EXERCISE BRIEF:
Your output should repeat the entries below exactly. It should contain no images.

(RECORDS FOR THE EXERCISE Opens)

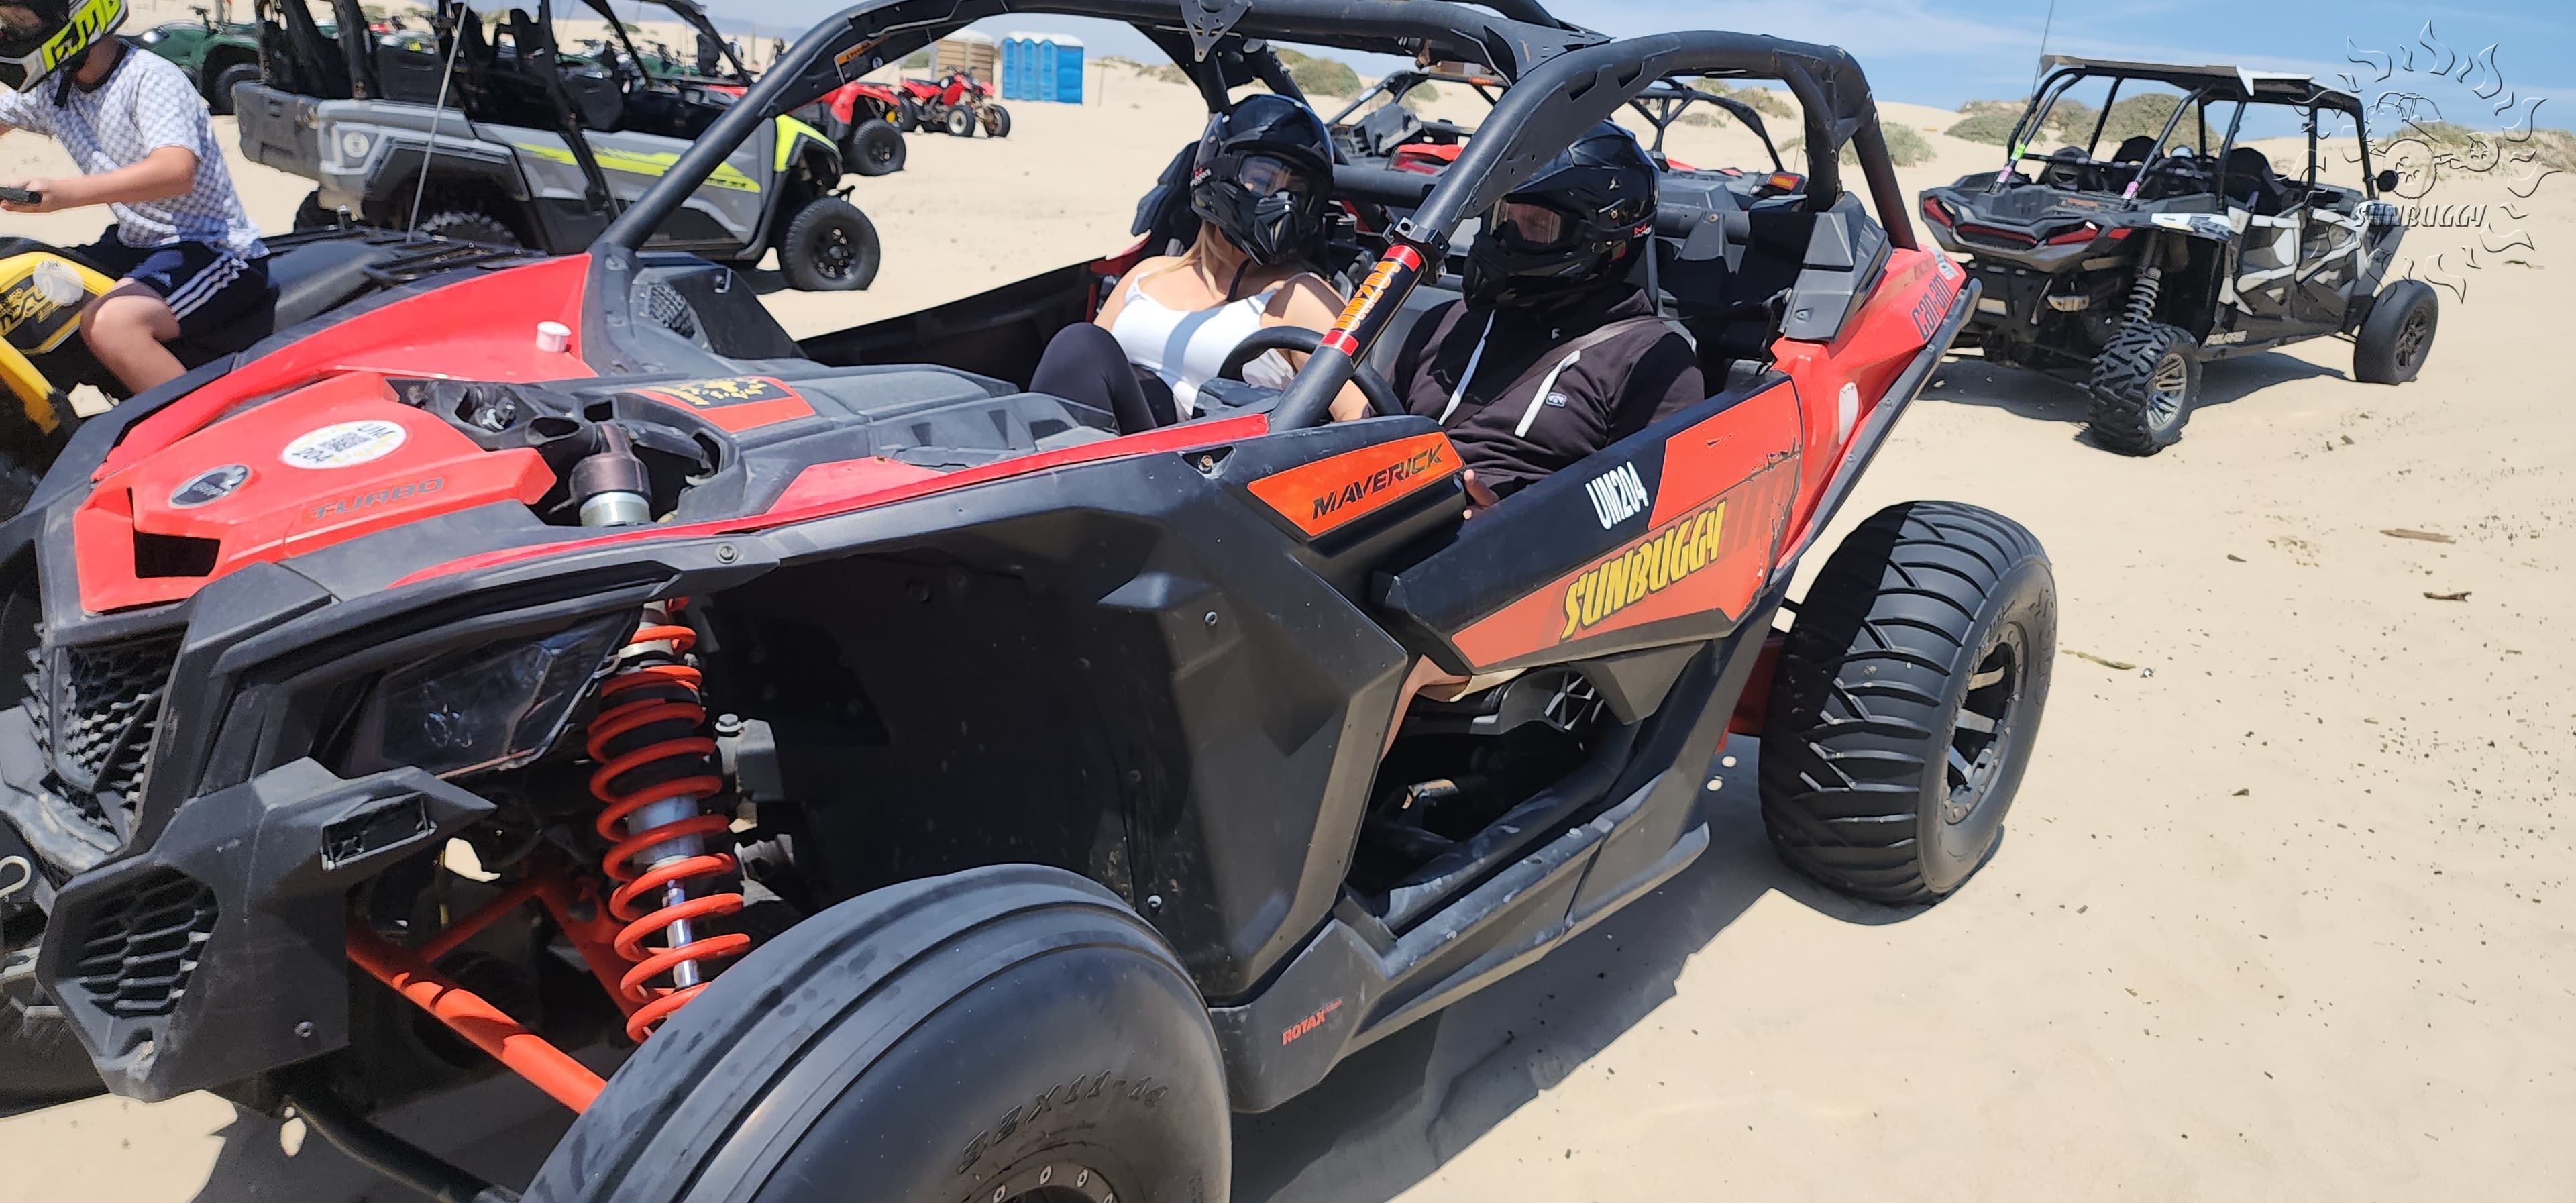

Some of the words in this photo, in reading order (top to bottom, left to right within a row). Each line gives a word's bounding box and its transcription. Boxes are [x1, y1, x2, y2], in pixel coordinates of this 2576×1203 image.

[1334, 261, 1402, 332] UM204
[1912, 271, 1953, 342] can-am
[2204, 331, 2247, 346] POLARIS
[311, 478, 444, 519] TURBO
[1312, 442, 1444, 521] MAVERICK
[1584, 460, 1650, 530] UM204
[1559, 498, 1727, 641] SUNBUGGY
[1281, 1008, 1326, 1046] ROTAX

(RECORDS FOR THE EXERCISE Closes)

SOLVED PROBLEM:
Some of the words in this photo, in reading order (top to bottom, left to right within a row). Each line gives a word's bounding box and its transcription. Boxes are [x1, y1, x2, y2], in pixel coordinates of this 2576×1203 image.

[1334, 261, 1402, 332] UM204
[1912, 271, 1953, 342] can-am
[2204, 331, 2247, 346] POLARIS
[311, 478, 444, 519] TURBO
[1312, 442, 1444, 521] MAVERICK
[1584, 460, 1650, 530] UM204
[1559, 498, 1727, 641] SUNBUGGY
[1281, 1008, 1326, 1046] ROTAX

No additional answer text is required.